La cárcel de cristal: donde la diversidad de ideas no pagan
No me mal interpretes. La principal preocupación no es que el algoritmo nos muestre lo que nos gusta, sino que nos esconde deliberadamente lo que no encaja en nuestro patrón. Esto crea una uniformización de ideas desmedida. Como bien señala Shosha Zuboff con su concepto de Capitalismo de la Vigilancia, el objetivo de las plataformas no es sólo predecir nuestro comportamiento, sino modificarlo. Y una forma muy efectiva de hacerlo es eliminando cualquier ficción cognitiva.
¿Por qué molestarnos en debatir si puedo silenciar a quien piensa diferente? ¿por qué explorar un punto de vista opuesto si mi algoritmo ya me ha confirmado que el mío es el “correcto”? Esta “felicidad” de la uniformidad es la ausencia de la disonancia cognitiva, la comodidad de vivir en un eco constante de nuestras propias voces.
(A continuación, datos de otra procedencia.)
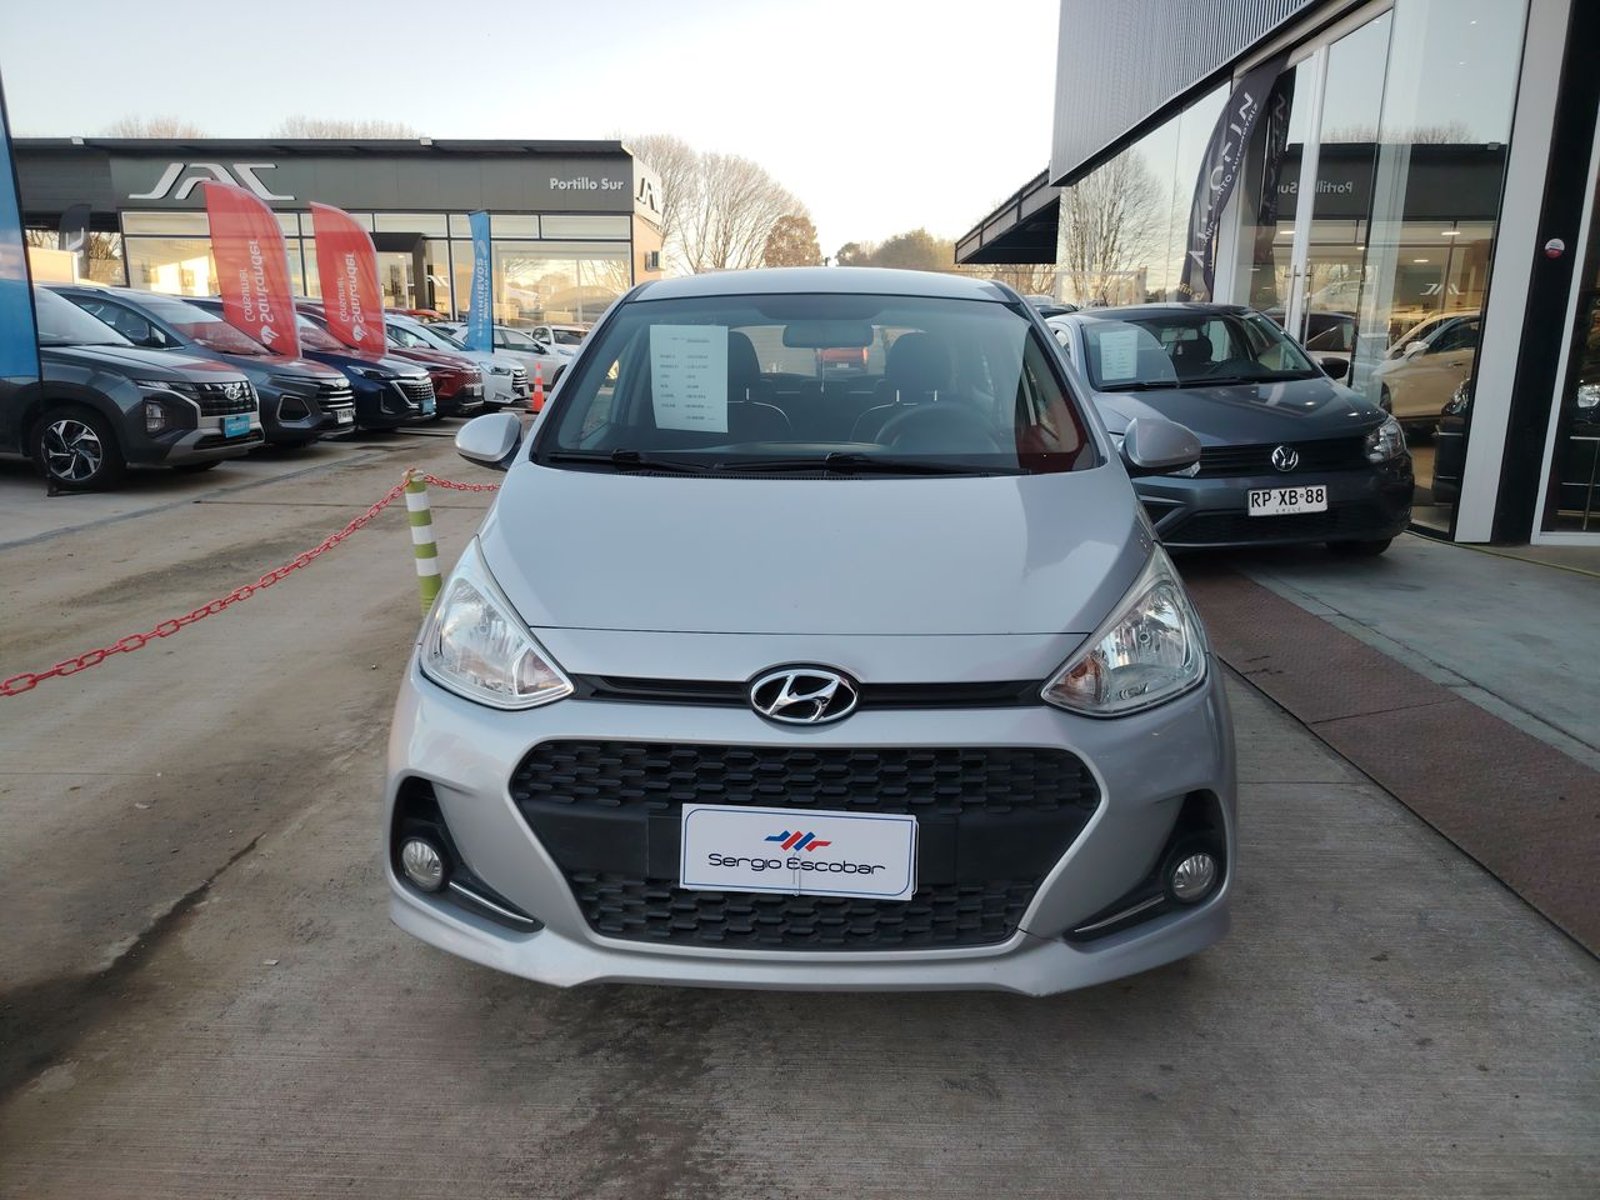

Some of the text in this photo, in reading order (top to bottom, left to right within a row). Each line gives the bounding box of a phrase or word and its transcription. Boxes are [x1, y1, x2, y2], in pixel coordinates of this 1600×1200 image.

[128, 163, 295, 200] JAC
[550, 177, 624, 190] Portillo Sur
[708, 853, 886, 875] Sergio Escobar
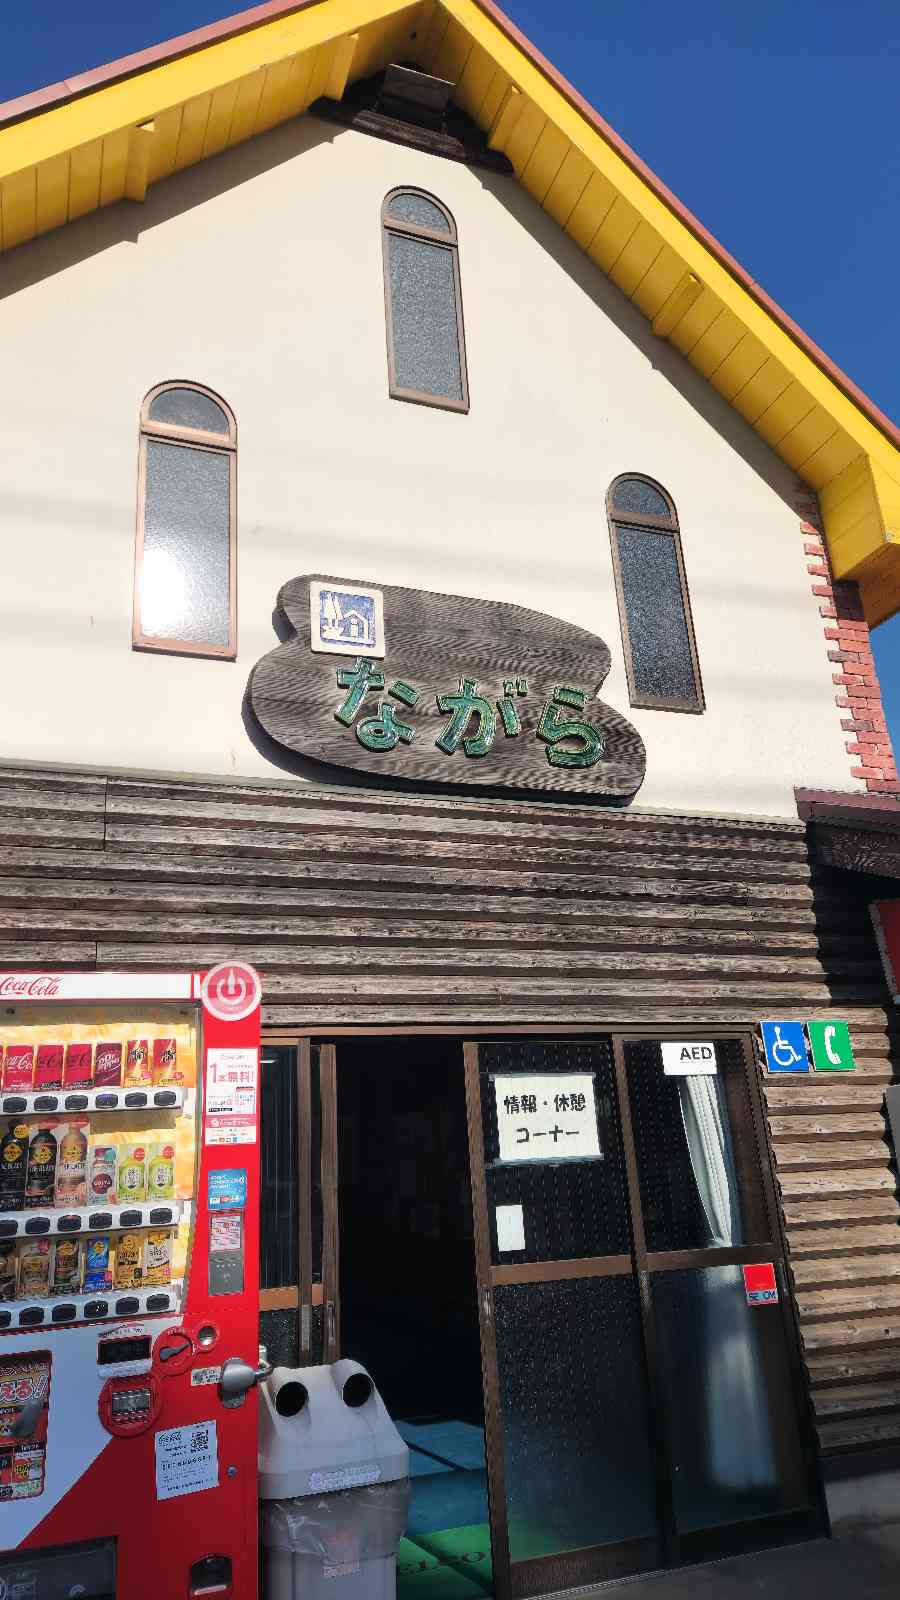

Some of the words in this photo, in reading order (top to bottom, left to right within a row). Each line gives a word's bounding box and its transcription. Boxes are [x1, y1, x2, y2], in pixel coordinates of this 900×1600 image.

[334, 657, 607, 769] ながら
[0, 976, 64, 995] Coca-Cola
[680, 1046, 712, 1060] AED
[504, 1093, 586, 1114] 情報・休憩
[516, 1124, 579, 1143] コーナー
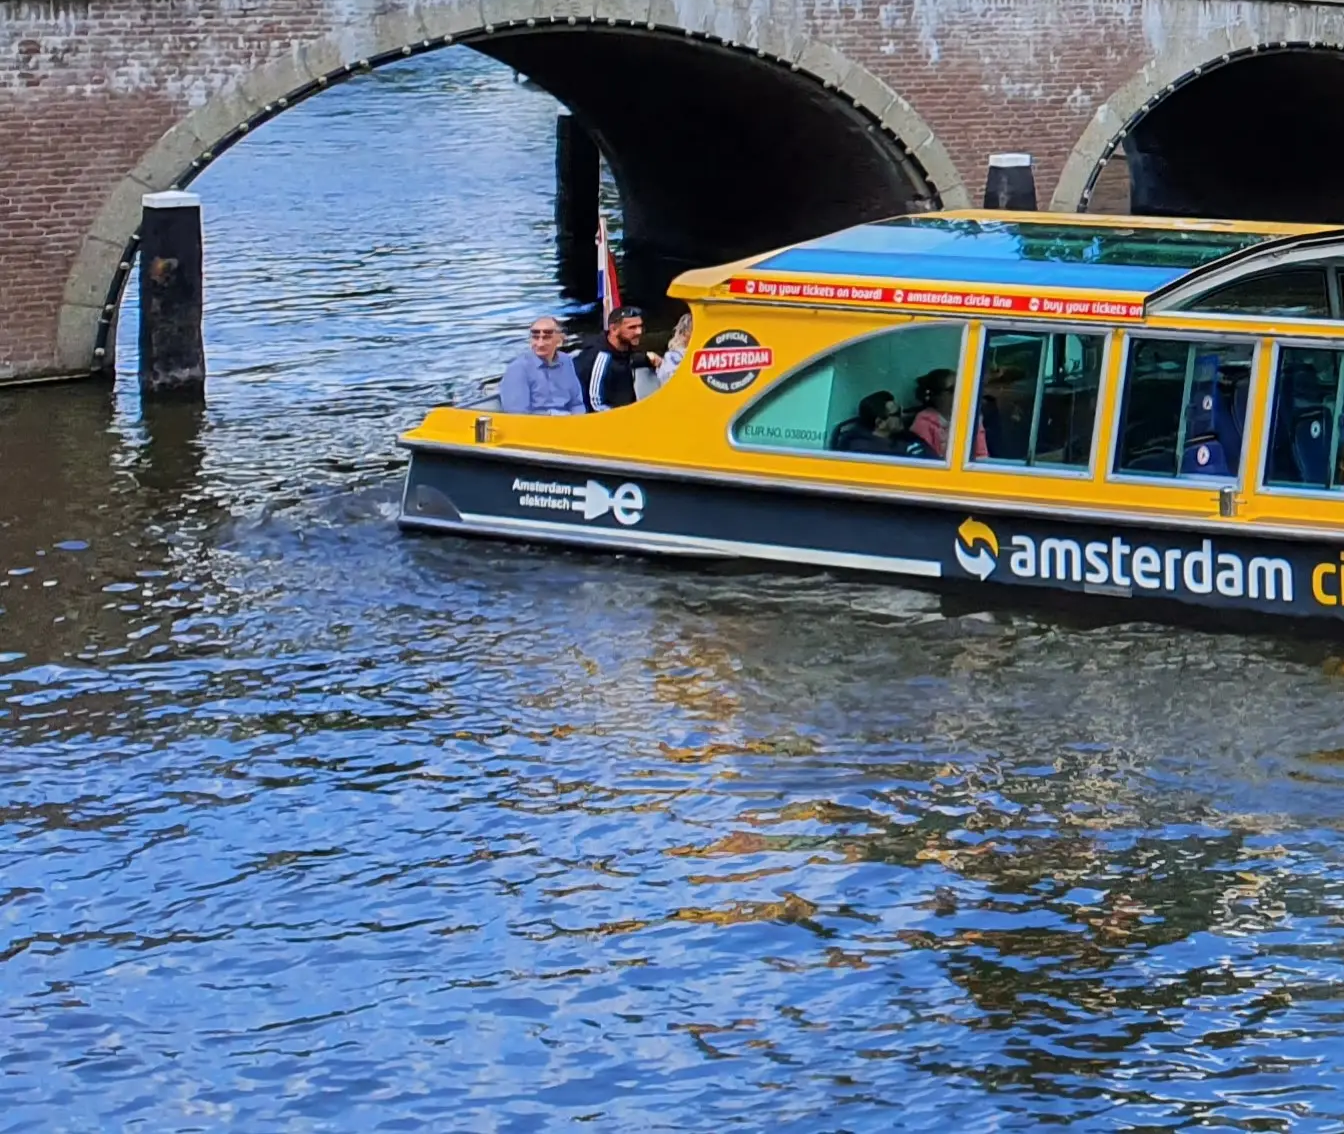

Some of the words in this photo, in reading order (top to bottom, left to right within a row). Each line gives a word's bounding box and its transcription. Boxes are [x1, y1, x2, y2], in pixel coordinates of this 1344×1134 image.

[758, 281, 777, 295] buy
[779, 284, 801, 296] your
[803, 283, 835, 298] tickets
[837, 288, 849, 298] on
[852, 287, 883, 300] board!
[907, 291, 962, 305] amsterdam
[964, 294, 990, 306] circle
[993, 294, 1013, 308] line
[1043, 298, 1063, 313] buy
[1066, 301, 1089, 314] your
[1092, 300, 1127, 315] tickets
[1129, 305, 1143, 316] on
[715, 331, 748, 344] OFFICIAL
[696, 351, 770, 370] AMSTERDAM
[706, 374, 730, 391] CANAL
[512, 477, 572, 496] Amsterdam
[519, 494, 570, 511] elektrisch
[1010, 534, 1293, 602] amsterdam
Me viene a la mente el término “psicología digital” del que habla Byung-Chul Han, el filósofo que critica la sociedad del rendimiento. Podríamos ver esta uniformidad como una especie de seducción que nos lleva a autocensurarnos y a autolimitar nuestro horizonte mental. Estamos tan ocupados produciendo nuestro “yo digital” perfecto y consumiendo lo que el algoritmo nos dicta, que perdemos la capacidad de la negatividad, de decir que “no”, de pensar “fuera de la caja”
La trampa del entretenimiento: La diversión que silencia la crítica
El argumento de que las redes sociales son “sólo para divertirse” es la excusa perfecta para evadir la responsabilidad intelectual. No digo que el ocio no sea necesario, es incluso un derecho humano fundamental, pero cuando el ocio se convierte en la única interacción con la información, y esta información está medida por un interés comercial que busca mantenernos adictos y predecibles, algo grave está pasando.
Las redes sociales no son una burbuja suspendida en el aire; son una corriente que, queramos o no, nos arrastra. La exposición constante a una visión del mundo homogénea no sólo refuerza nuestras ideas preconcebidas sino que nos impide desarrollar nuevas. Nos volvemos menos aptos para debatir, más intolerantes a lo diferente y, por si fuera poco, menos creativos en nuestra forma de pensar y actuar.
Marshall McLuhan ya nos advirtió que “el medio es el mensaje”. Y el mensaje del algoritmo es claro: “Quédate aquí, no pienses demasiado, no te expongas a lo incómodo, nosotros nos encargamos de tu felicidad”.
Y luego, ¿qué hacemos?
No quiero decir que dejemos las redes sociales. Ya están aquí y son parte de nuestra vida, pero eso no quiere decir que “sucumbamos”. El primer paso es hacer conciencia. El segundo, actuar. Dejemos de glorificar nuestro “algoritmo entrenado” y empecemos a desafiarlo. Busquemos aquello que incomoda, ideas con las que no siempre estamos de acuerdo. También está “la vieja confiable”: apagar el teléfono de vez en cuando, miremos el mundo sin el filtro de la pantalla de cristal. Seamos honestos, a menos que dirijas un país, no es necesario que estés pendiente del celular 24 por 7. En lugar de preocuparnos por entrenar el algoritmo, preocupémonos por entrenar nuestra mente. Enriquezcamos nuestra capacidad para desarrollar el pensamiento crítico y diverso. Tomemos un libro y leamos un poco.